- _WORK INSTRUCTION_:
Restate, in full and unchanged, the entries that follow, but not their pictures.

Referring expression grounding data
-----
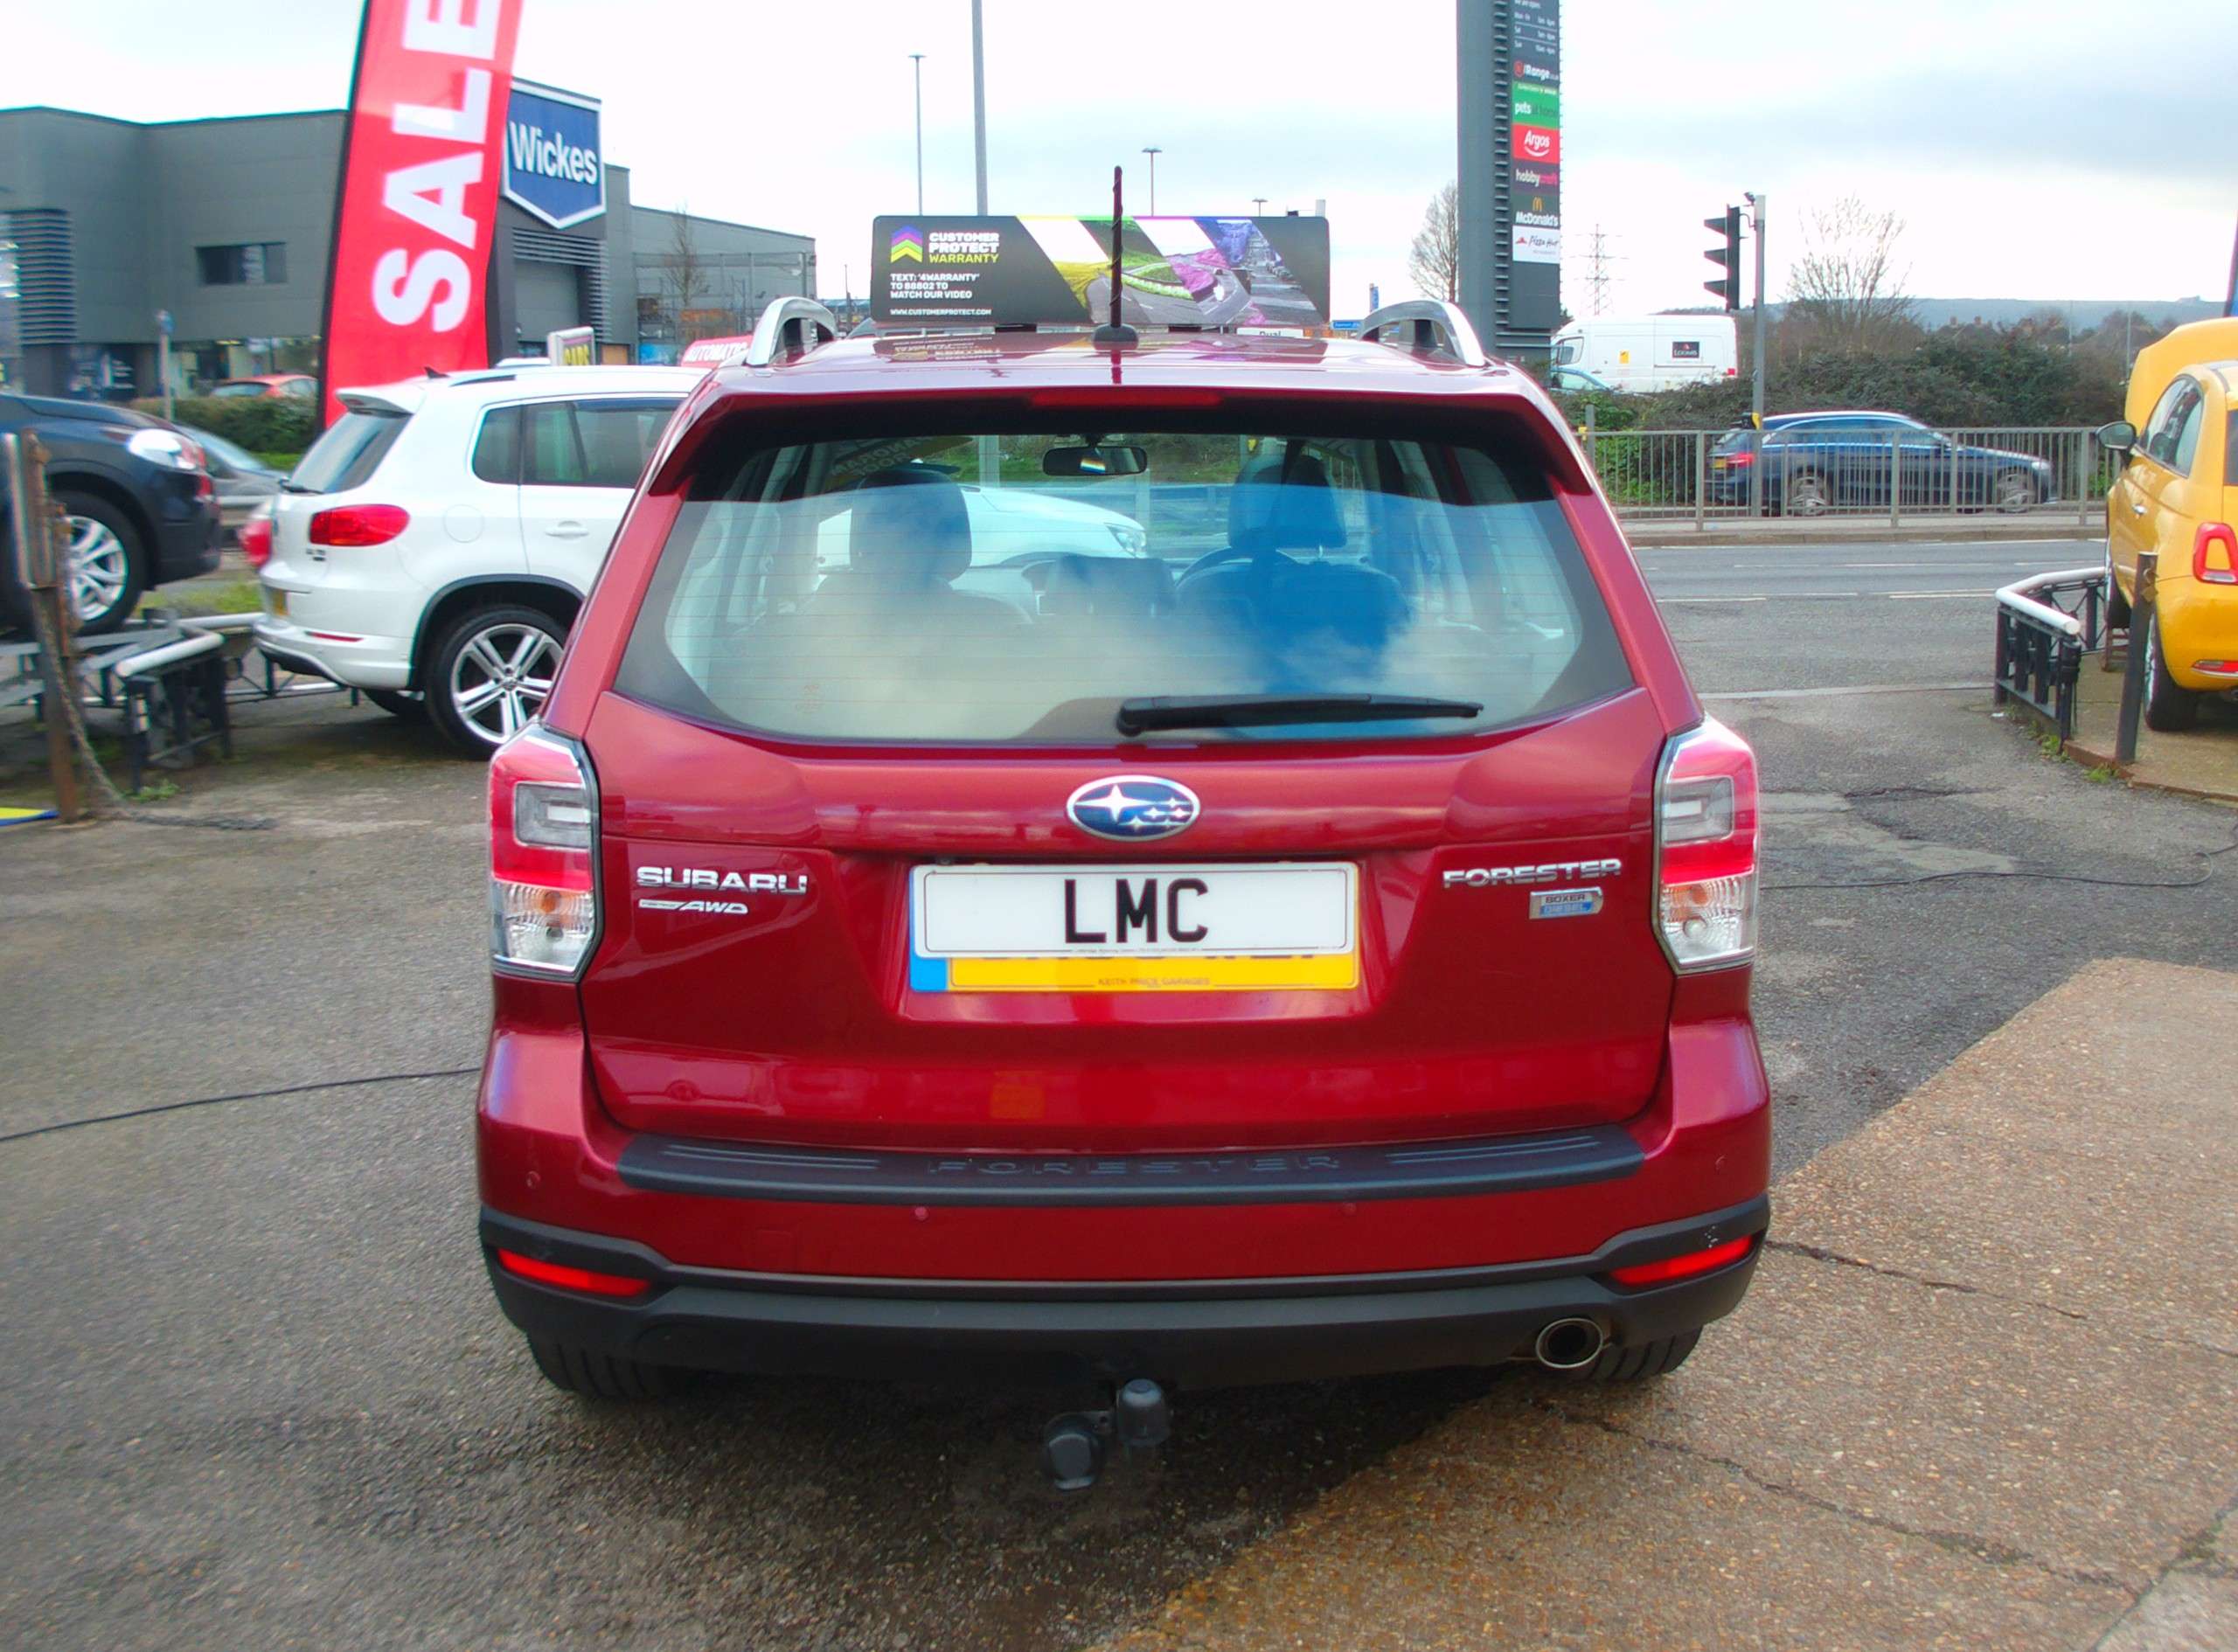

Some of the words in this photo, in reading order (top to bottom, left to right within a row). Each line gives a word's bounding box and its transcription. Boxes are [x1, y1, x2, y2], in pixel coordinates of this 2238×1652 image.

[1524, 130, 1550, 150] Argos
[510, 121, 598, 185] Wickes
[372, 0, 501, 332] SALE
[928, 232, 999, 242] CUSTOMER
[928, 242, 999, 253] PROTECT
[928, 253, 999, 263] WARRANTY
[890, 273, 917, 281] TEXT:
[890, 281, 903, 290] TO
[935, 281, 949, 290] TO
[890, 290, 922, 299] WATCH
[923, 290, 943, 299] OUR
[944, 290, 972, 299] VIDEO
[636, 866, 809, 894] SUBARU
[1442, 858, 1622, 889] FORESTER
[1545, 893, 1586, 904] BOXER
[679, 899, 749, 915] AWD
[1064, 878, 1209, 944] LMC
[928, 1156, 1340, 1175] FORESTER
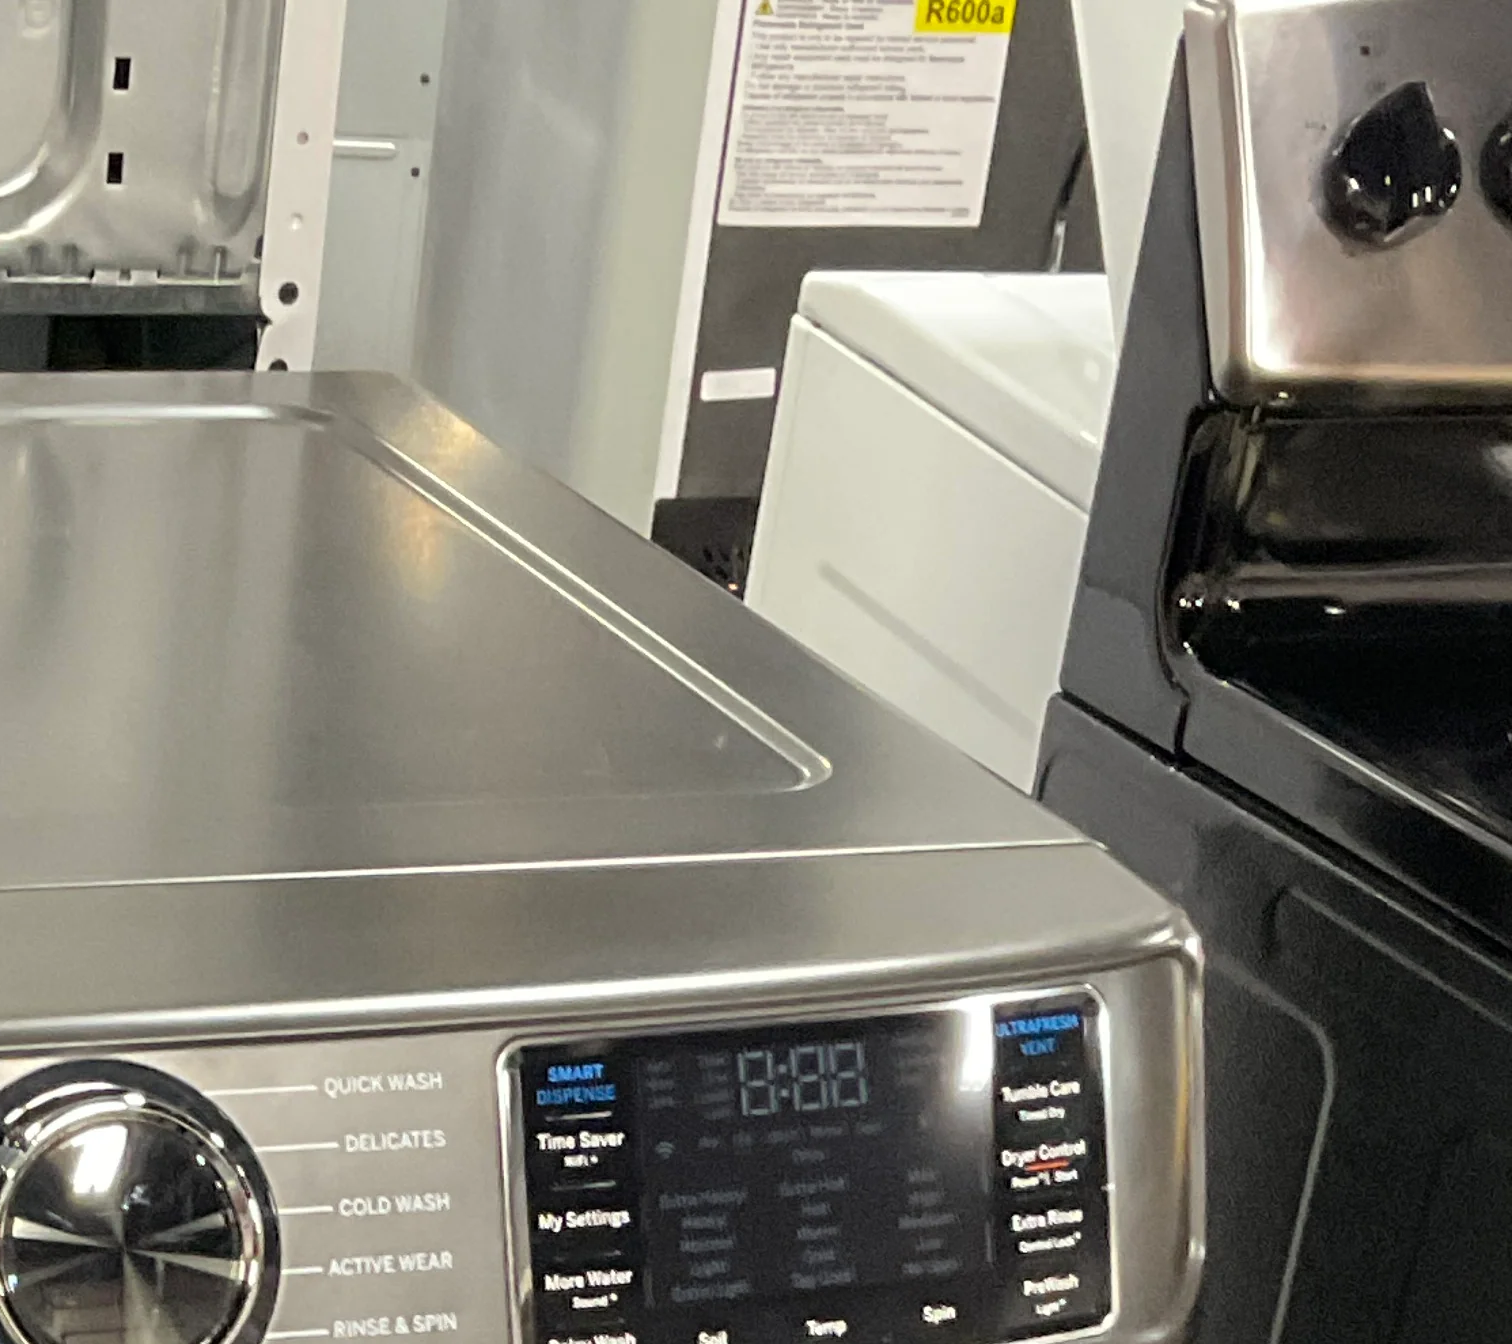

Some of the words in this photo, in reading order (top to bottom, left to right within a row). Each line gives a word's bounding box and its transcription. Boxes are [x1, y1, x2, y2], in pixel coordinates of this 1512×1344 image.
-----
- _YOUR RESPONSE_:
Some of the words in this photo, in reading order (top to bottom, left to right within a row). Each line gives a word's bounding box and its transcription. Boxes are [x1, y1, x2, y2], in pixel coordinates of this 2238×1652 image.

[1524, 130, 1550, 150] Argos
[510, 121, 598, 185] Wickes
[372, 0, 501, 332] SALE
[928, 232, 999, 242] CUSTOMER
[928, 242, 999, 253] PROTECT
[928, 253, 999, 263] WARRANTY
[890, 273, 917, 281] TEXT:
[890, 281, 903, 290] TO
[935, 281, 949, 290] TO
[890, 290, 922, 299] WATCH
[923, 290, 943, 299] OUR
[944, 290, 972, 299] VIDEO
[636, 866, 809, 894] SUBARU
[1442, 858, 1622, 889] FORESTER
[1545, 893, 1586, 904] BOXER
[679, 899, 749, 915] AWD
[1064, 878, 1209, 944] LMC
[928, 1156, 1340, 1175] FORESTER

Some of the words in this photo, in reading order (top to bottom, left to right within a row). Each line gives a word's bounding box and its transcription. Boxes are [x1, y1, x2, y2], in pixel coordinates of this 1512×1344 image.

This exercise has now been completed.